AB: Yeah, I had never heard the term manic depression growing up, I'd never heard of it at all. I started writing Electroboy and I had to ask myself 'What is this book about?' I told everybody 'I'm writing a book bout manic depression,' which it isn't. It's a chronicle of my battle with manic-depression, ECT, and everything that happened in between. Which is as interesting as manic depression itself, but...I still find today that when you tell somebody that you're manic depressive their initial reaction is to pull back and say 'Oh wow, I wish I could be like that. That's so glamorous,' or 'Wow, I could get so much work done.' Or to them manic sounds like maniac and you must be a lunatic and it's all a curse you're never going to get rid of. And you never really do get rid of it.

BT: Have your own perceptions of mental-illness shifted or changed as you gradually came to a better understanding of your own illness?

AB: I'm totally shocked at how many people in the country are mentally ill. 2-3 million Americans are being treated for manic-depression and they don't know how many are undiagnosed. A huge percentage of people in the country could have some kind of mental illness, whether it's manic-depression, schizophrenia, bulimia, anorexia...which are also treated with electro-shock.

BT: Bulimia and anorexia? What's the theory behind that?

AB: There isn't one, same as treating manic-depression with electroshock. You just hear the doctor's advice and say 'okay, I'll do that'

BT: In your descriptions of manic episodes, the high you got seemed to match the high experienced by drug and sex addicts when they indulge in their particular mood-altering substance. As any drug-addict in recovery knows, finding a way to live a sober life without those highs can be a very long and painful process. Do you miss the excitement of mania?
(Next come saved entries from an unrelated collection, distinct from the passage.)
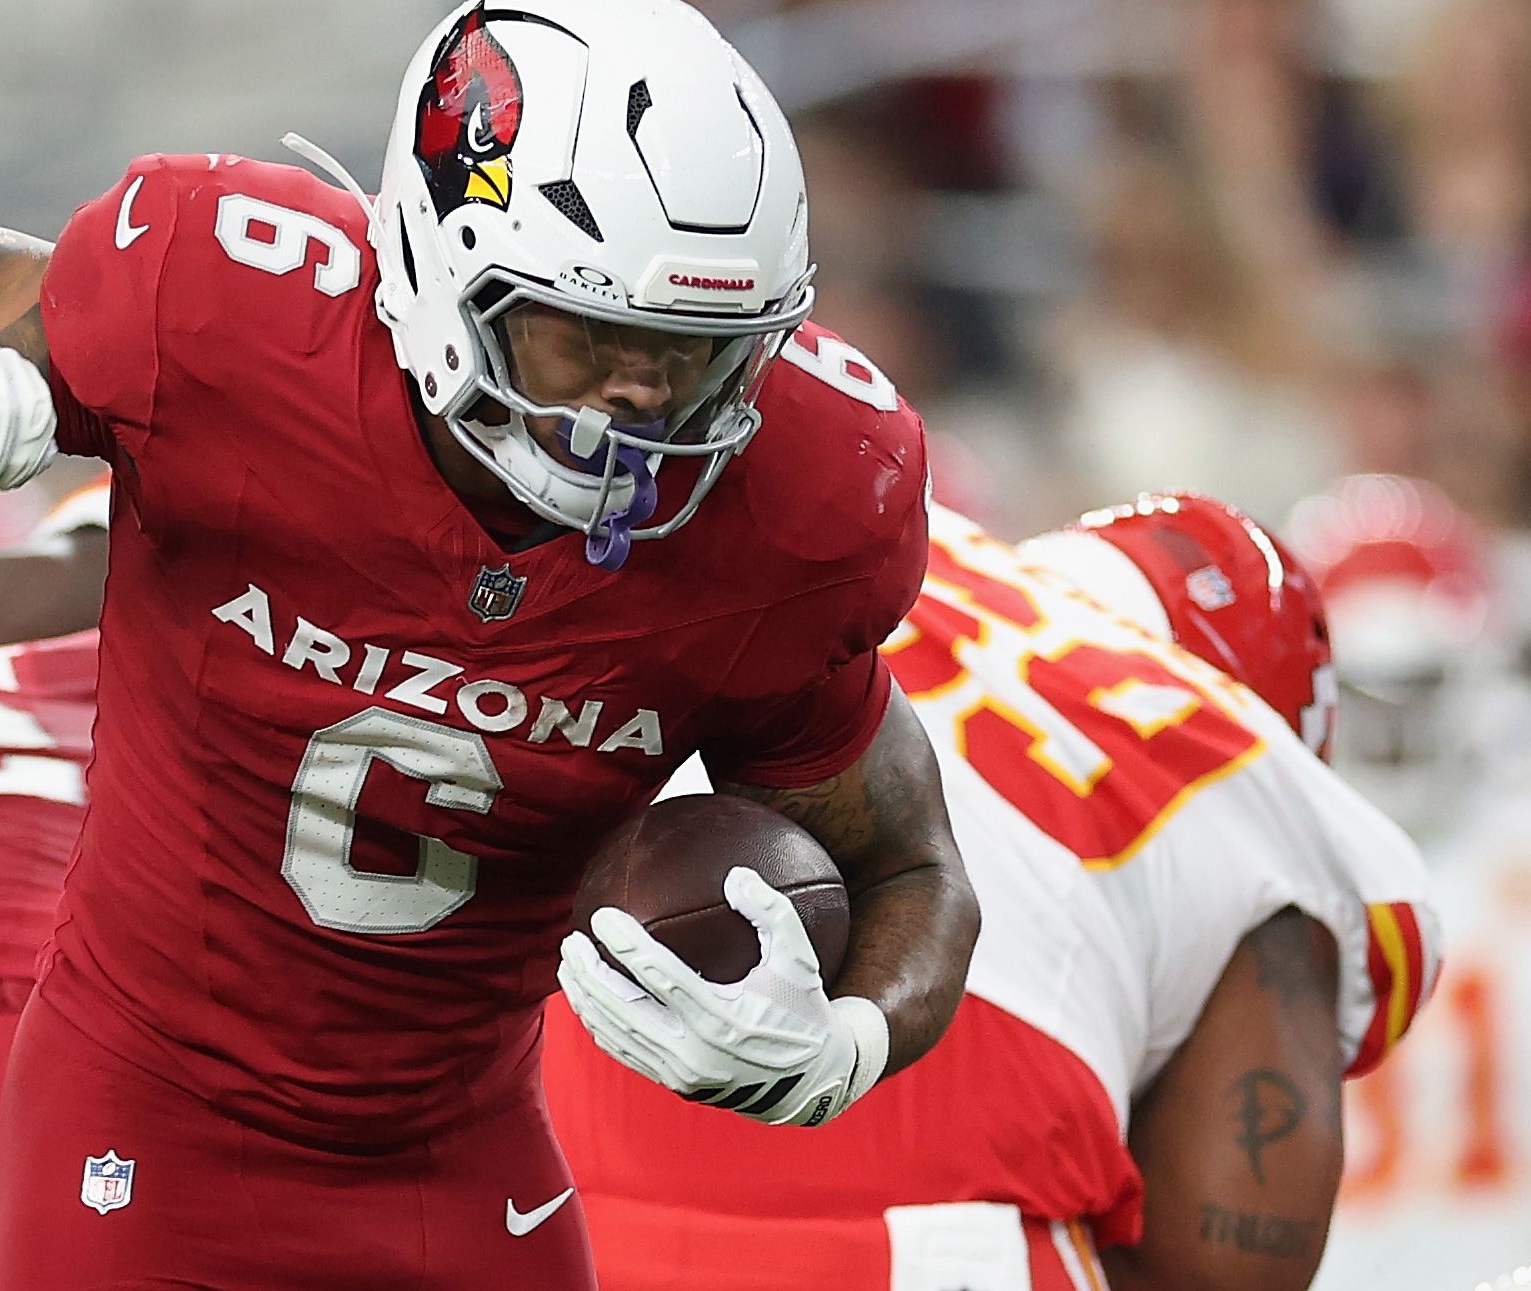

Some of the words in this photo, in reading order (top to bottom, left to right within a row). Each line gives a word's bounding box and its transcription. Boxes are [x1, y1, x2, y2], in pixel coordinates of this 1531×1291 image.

[213, 193, 362, 298] 6
[669, 273, 756, 291] CARDINALS
[211, 583, 665, 756] ARIZONA
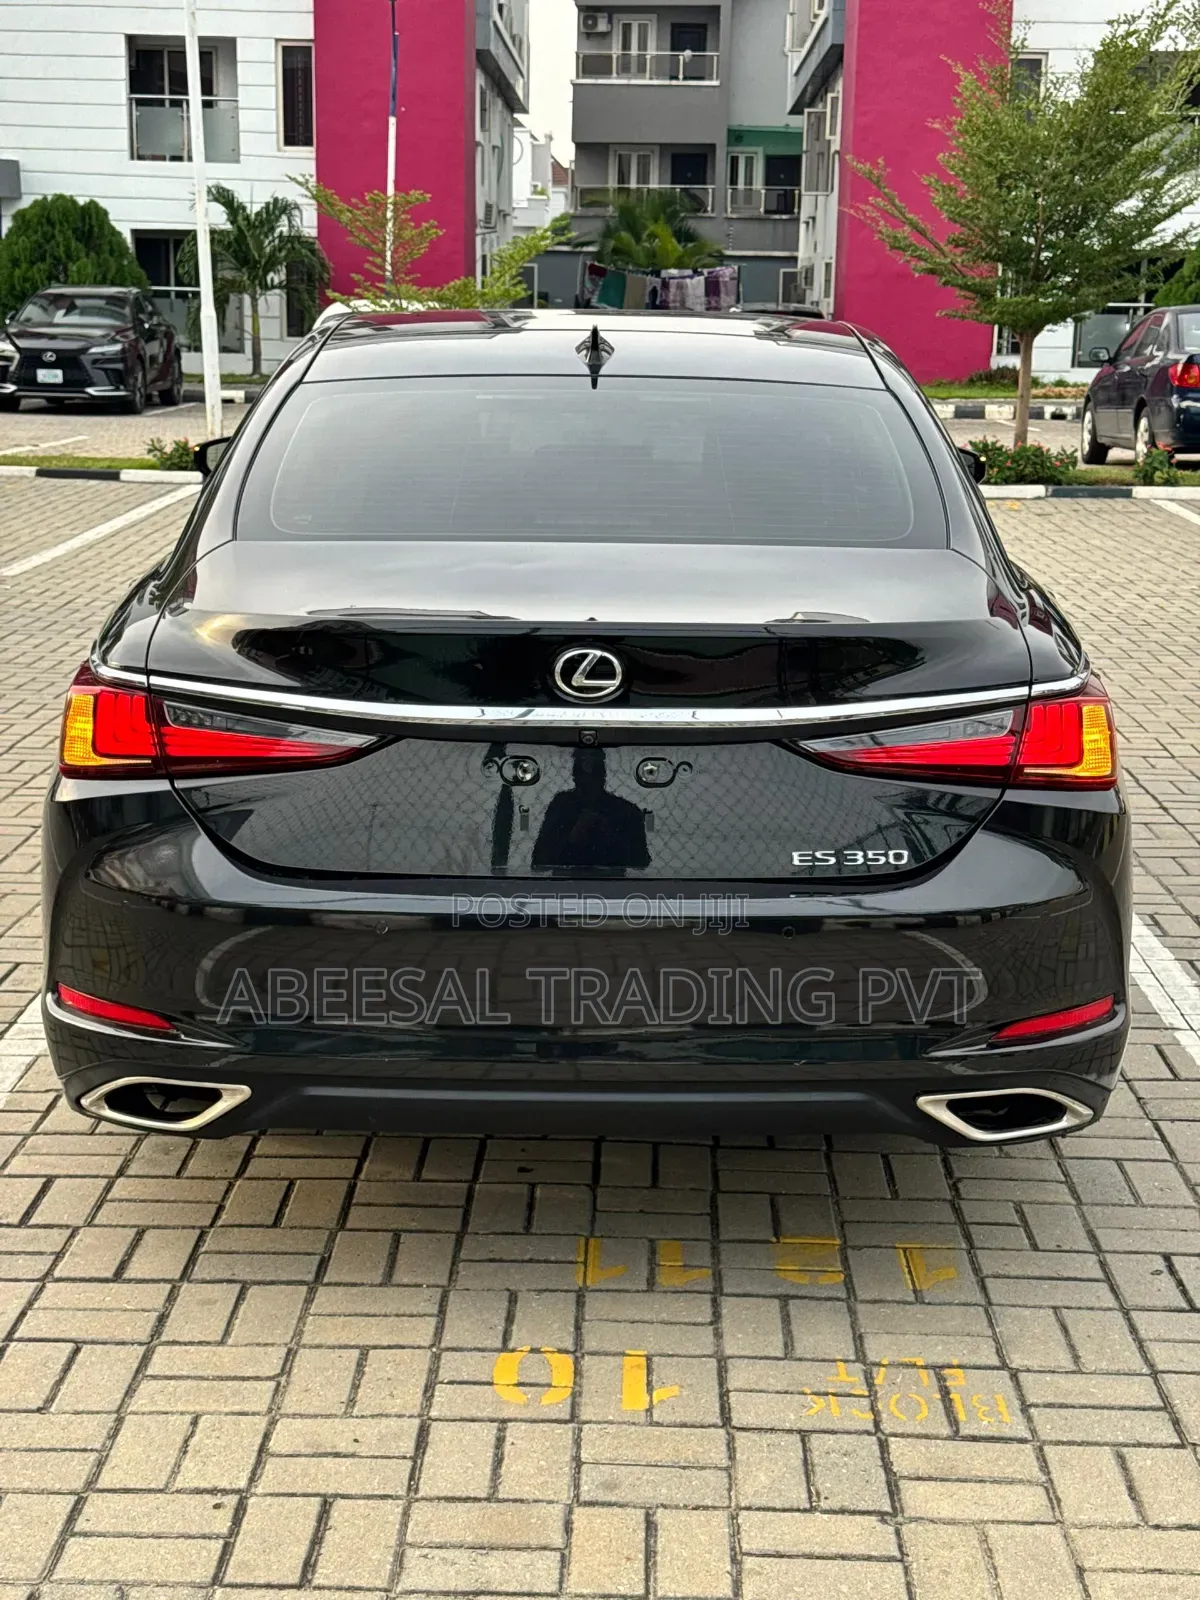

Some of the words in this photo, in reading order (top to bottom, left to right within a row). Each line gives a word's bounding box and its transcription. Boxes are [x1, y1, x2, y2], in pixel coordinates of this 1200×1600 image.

[791, 850, 837, 866] ES
[843, 849, 909, 866] 350
[801, 1388, 1011, 1424] BLOCK
AB: Sure. Yeah. I mean, the opposite for me is to lead a pretty dull existence where I realize that there's no replacement for it. I could pretend that there's a replacement but there isn't, and that's kind of sad. But I also know that I'm in danger of my manic episodes. You have to just sort of fill in with something. Everyday you wake up and you feel like you might slip. You don't know how you slept. Am I gonna wake up and feel high? You don't do miss those days.
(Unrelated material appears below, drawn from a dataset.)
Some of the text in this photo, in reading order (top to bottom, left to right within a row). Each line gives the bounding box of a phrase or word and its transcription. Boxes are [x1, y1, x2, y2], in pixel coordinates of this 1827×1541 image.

BT: The recovery you're describing sounds so similar to what people go through in AA, have you ever worked with a program like that, or talked with someone about their experiences?

AB: It is almost the exact same issue of having to try to replace one thing with another. That's kind of difficult, I mean, you know, three, four, even five years have to adjust to life being dull.

BT: What are your greatest aspirations for this book? On the one hand, it's written completely in first person, present tense and has a fast-paced, fun, Brett Easton Ellis style to the narrative, while at the same time being a serious exploration of what it is like to live with manic depression. Who would you most like to be reading Electroboy?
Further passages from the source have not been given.